Fundamental Use Cases
Knowledge of your individual patients: This initial use of data may seem like a simple task, however, many health providers struggle to be able to identify unique patients –particularly those with common surnames. Inability to track unique patients can lead to mistaken identity and result in significant adverse events; the least of which being inappropriate disclosure of personal health data. Knowledge of your unique patients improves markedly with increased access to and integration of multiple data sources.
Knowledge of your providers: This use case may also seem straight forward, but surprisingly continues to be an obstacle for many healthcare systems that have used different data systems to collect provider information for credentialing, hospital privileges, marketing, and licensing. Having a single source of truth is important to understand future workforce needs, to identify where patients are seeking care outside of a system, and to improve provider quality of care by appropriately linking patients to their doctors.
Householding: A major opportunity for healthcare providers can be developed through an understanding of how their patients are connected within a family or household. This factor is of key importance of certain health behaviors like smoking and medical conditions that are inherited or linked to social determinants are likely to impact multiple members of a family. This type of data is not traditionally collected within an EMR, and again requires integration of data across multiple sources.

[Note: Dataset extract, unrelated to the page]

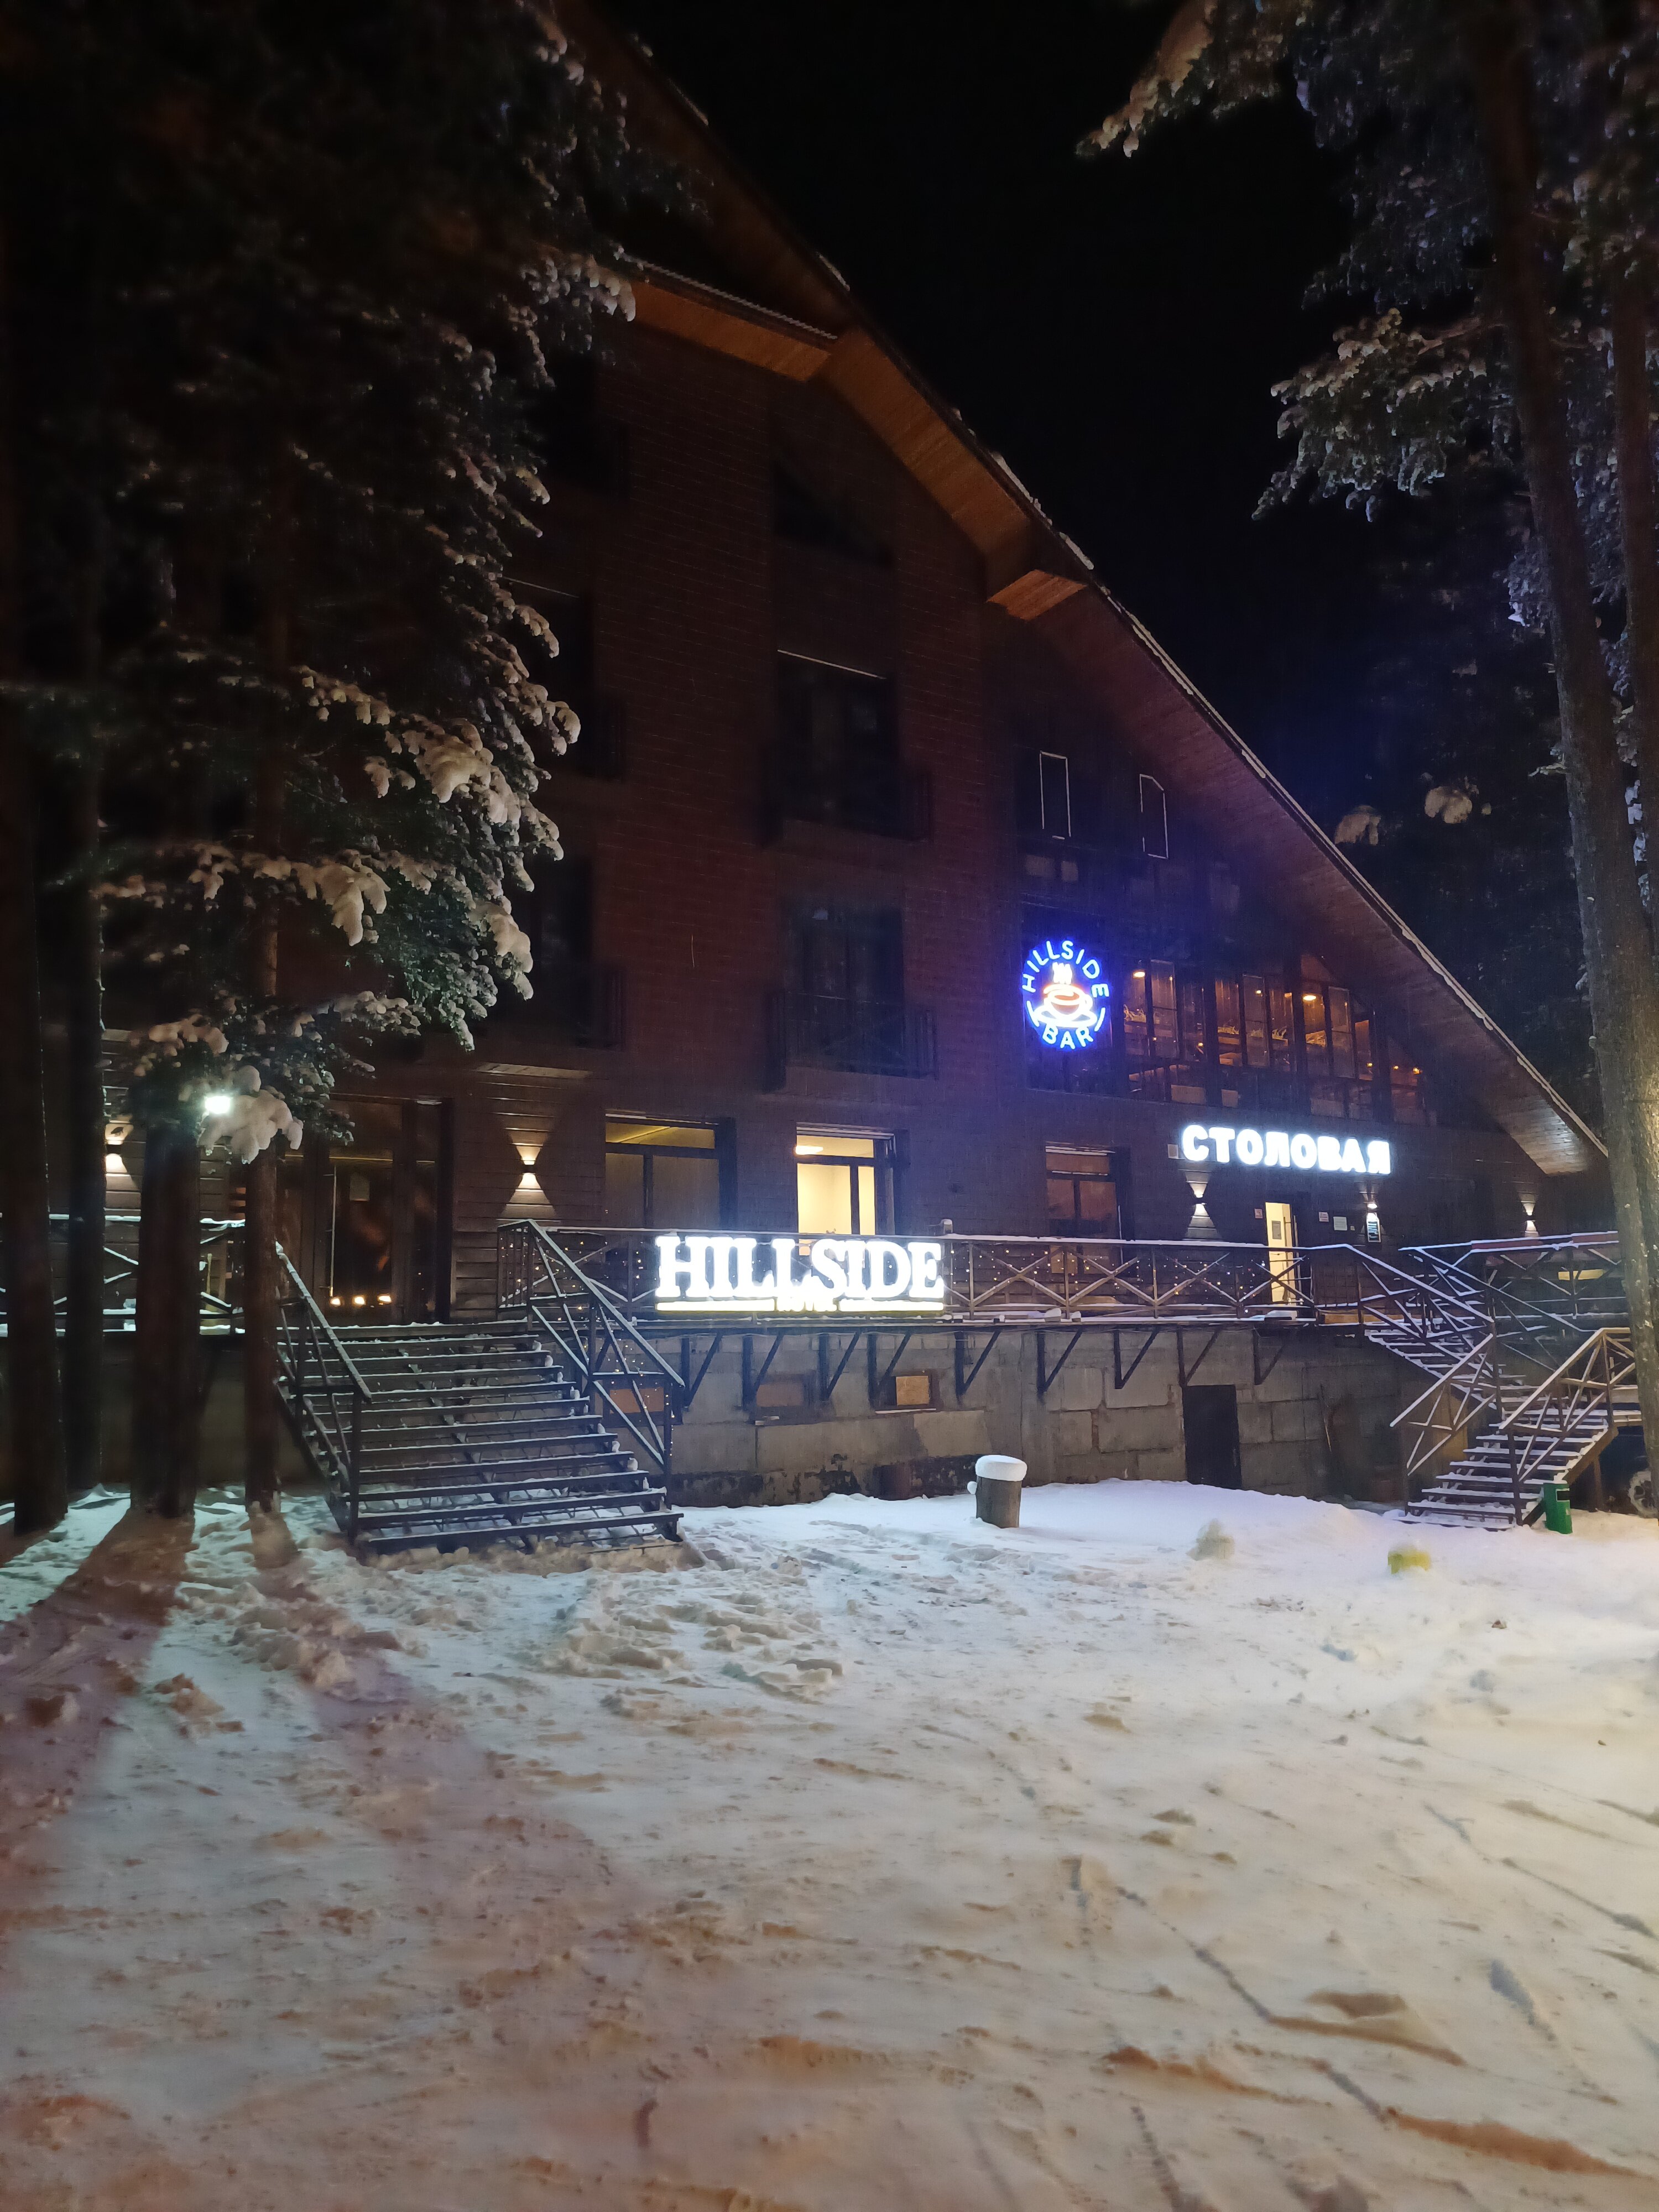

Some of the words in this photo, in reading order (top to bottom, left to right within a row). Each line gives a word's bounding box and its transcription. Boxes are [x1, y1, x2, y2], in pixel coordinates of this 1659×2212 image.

Data Integration is a Foundational Competency for Population Health: Before healthcare providers master even the basic use cases outlined above, we must advance our abilities to integrating data at scale in near real-time. Current approaches that use expensive on premise data warehouses and traditional ETL consistently failed to scale or mange the changes that invariably occur in the transactional systems. Providers also struggle to get EMR venders to take up new solutions or bring in outside data and insight needed to improve care. The future of integration solutions will need to take advantage of next-generation, open source technology like Hadoop to cheaply store and analyze big data using massively parallel commodity hardware. Using this solution will improve the quality of data, allow us to better identify unique patients, and provide insight into patient behavioral and social factors that impact their health. Together, this knowledge will allow us to build better care delivery systems that focus of keeping individuals making all of us healthier and happier.